心身ともに悲鳴をあげている

精神的なストレスによって起こる症状には意味や機能があります。不登校に伴うさまざまな症状は、心身の不調なのですが、「本人を守るために出ている症状」という面もあります。登校することがあまりにも苦しく、登校を続けると心身が壊れてしまいそうなため、体の症状を繰り出すことで、本人を守ろうとしているわけです。

一方、精神的なしんどさがそのまま精神症状として現れ、全く元気がないとか、感情が不安定とかで、登校が無理だと周囲の大人が感じるようになれば、体の症状の役割は主役から脇役になっていきます。

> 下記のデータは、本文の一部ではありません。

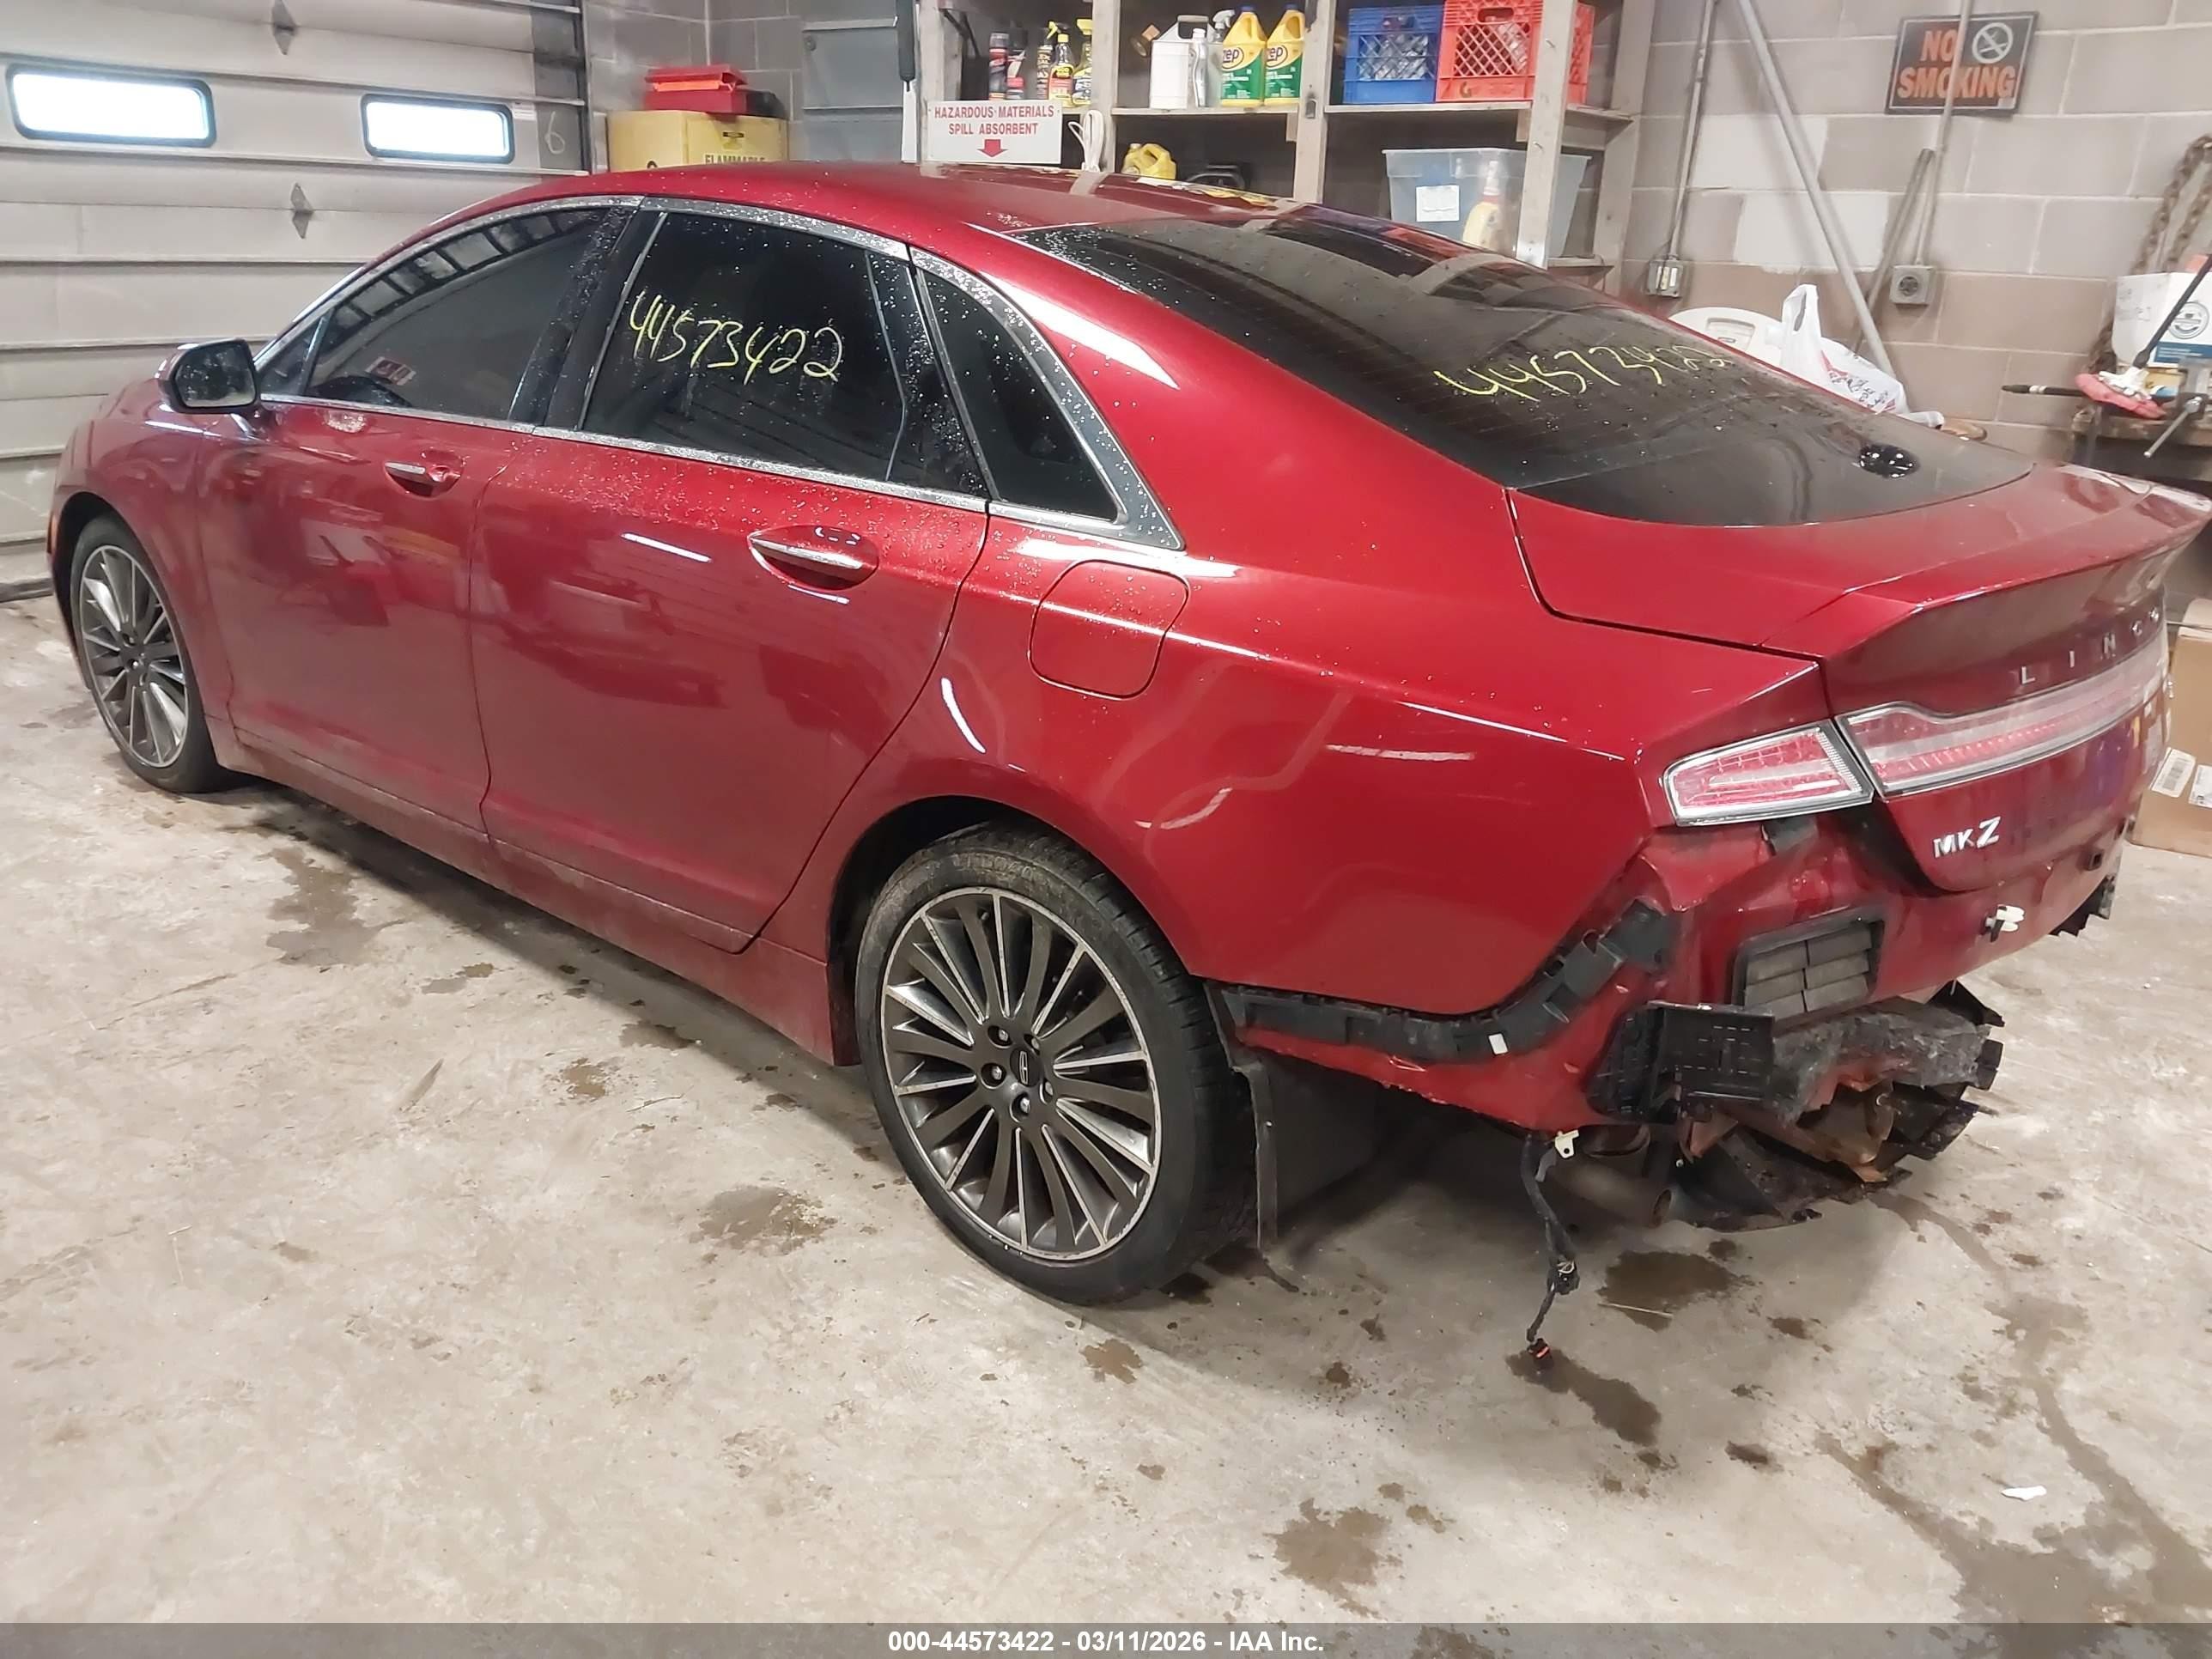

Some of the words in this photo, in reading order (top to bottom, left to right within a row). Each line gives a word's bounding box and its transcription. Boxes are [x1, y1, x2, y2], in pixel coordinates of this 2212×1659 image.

そういう意味で、体の症状も精神症状も、本人が相当に追い詰められていることを示しています。体の症状は「体が悲鳴をあげている」ことを示しています。そして、精神症状は「心があげている悲鳴」そのものです。

パジャマ姿でベッドで寝ている少年
写真=iStock.com/LeManna
※写真はイメージです

我慢強い子こそ不登校に…

不登校の子の親御さんが知りたいのは、学校に行けない理由であり、どうしたら登校できるのかです。ですが、それは本人もわからないことが多く、気持ちの苦しさを言葉で直接教えてくれることはなかなかありません。これが子どもの精神科では重要であり、厄介でもある点です。

村上伸治『発達障害も愛着障害もこじらせない もつれをほどくアプローチ』(日本評論社)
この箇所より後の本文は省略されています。